Las condiciones erráticas, caprichosas, injustas e ineptas con las cuales tiene que luchar el cine colombiano son conocidas. Por eso es un acontecimiento que una cinta nacional sea exhibida dentro de un esquema un poco menos salvaje, que se le dé un teatro de cierto nivel técnico y que, por lo menos una semana antes, se le conceda cierta publicidad en la prensa. Visa USA, A la salida nos vemos y otros de los difíciles esfuerzos de nuestros cinematografistas no fueron tratados así. Por eso quisiera comenzar alabando el hecho de que La mansión de Araucaima reciba un poco más de consideración y respeto.

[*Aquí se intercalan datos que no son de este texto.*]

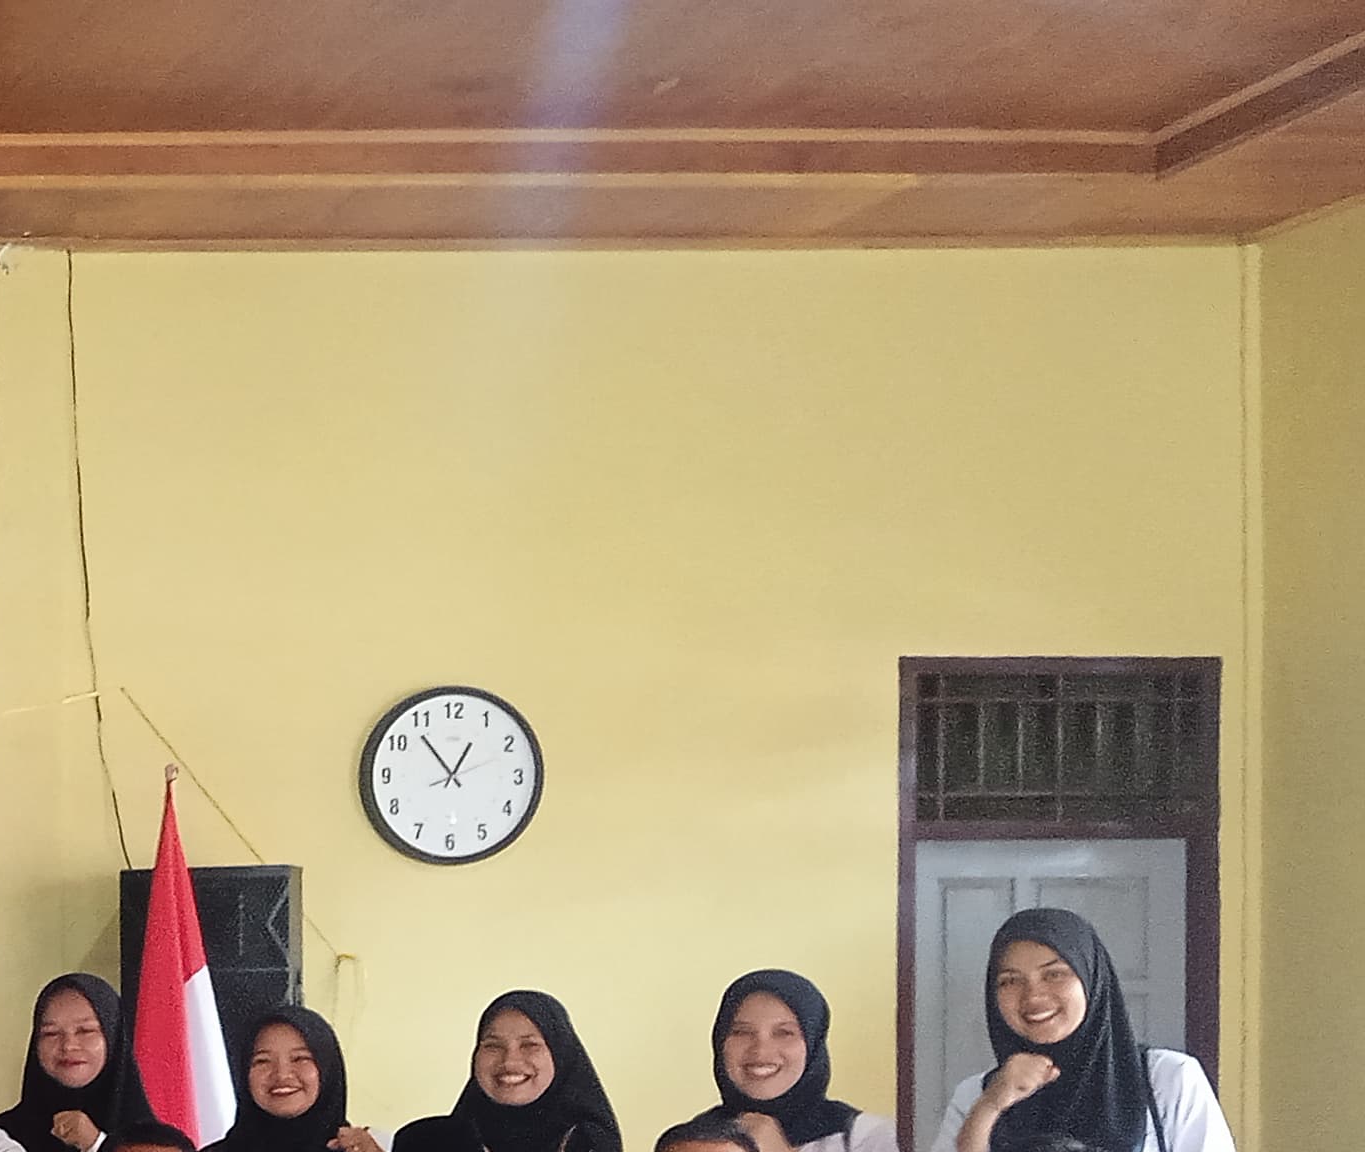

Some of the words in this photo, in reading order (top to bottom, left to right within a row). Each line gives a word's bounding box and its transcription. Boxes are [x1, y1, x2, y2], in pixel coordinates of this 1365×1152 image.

[444, 702, 464, 719] 12
[412, 711, 430, 728] 11
[482, 711, 490, 728] 1
[388, 735, 407, 751] 10
[504, 735, 515, 752] 2
[381, 767, 391, 784] 9
[513, 768, 524, 785] 3
[389, 798, 399, 815] 8
[502, 800, 512, 816] 4
[413, 823, 424, 840] 7
[477, 824, 488, 840] 5
[445, 834, 455, 850] 6

La segunda aclaración es que, pese a que La mansión no sea una película que yo considere satisfactoria, ello no implica de ninguna manera una invitación a no verla. Todo lo contrario. Carlos Mayolo y sus colaboradores han hecho una película de nivel internacional, profesional e interesante en muchos aspectos, sin duda alguna mejor que una gran parte de los productos que corren semanalmente por los teatros, mejor incluso que películas de directores de gran renombre internacional que nos llegan ocasionalmente (ejemplo la penosa Antonieta de Carlos Saura que nos dio la televisión en estos días, los esperpentos de Almodóvar o aquel Asalto holandés que en Hollywood quisieron inmortalizar con un Óscar). Creo que hay una cierta obligación de apoyo y solidaridad con los largometrajes colombianos. Esta obligación no es la de cerrar los ojos a sus defectos sino la de enfrentarse con ellos, la de escuchar lo que nos quieren decir, la de no ignorar algo que, en fin de cuentas, ha surgido con el dinero mismo de los espectadores.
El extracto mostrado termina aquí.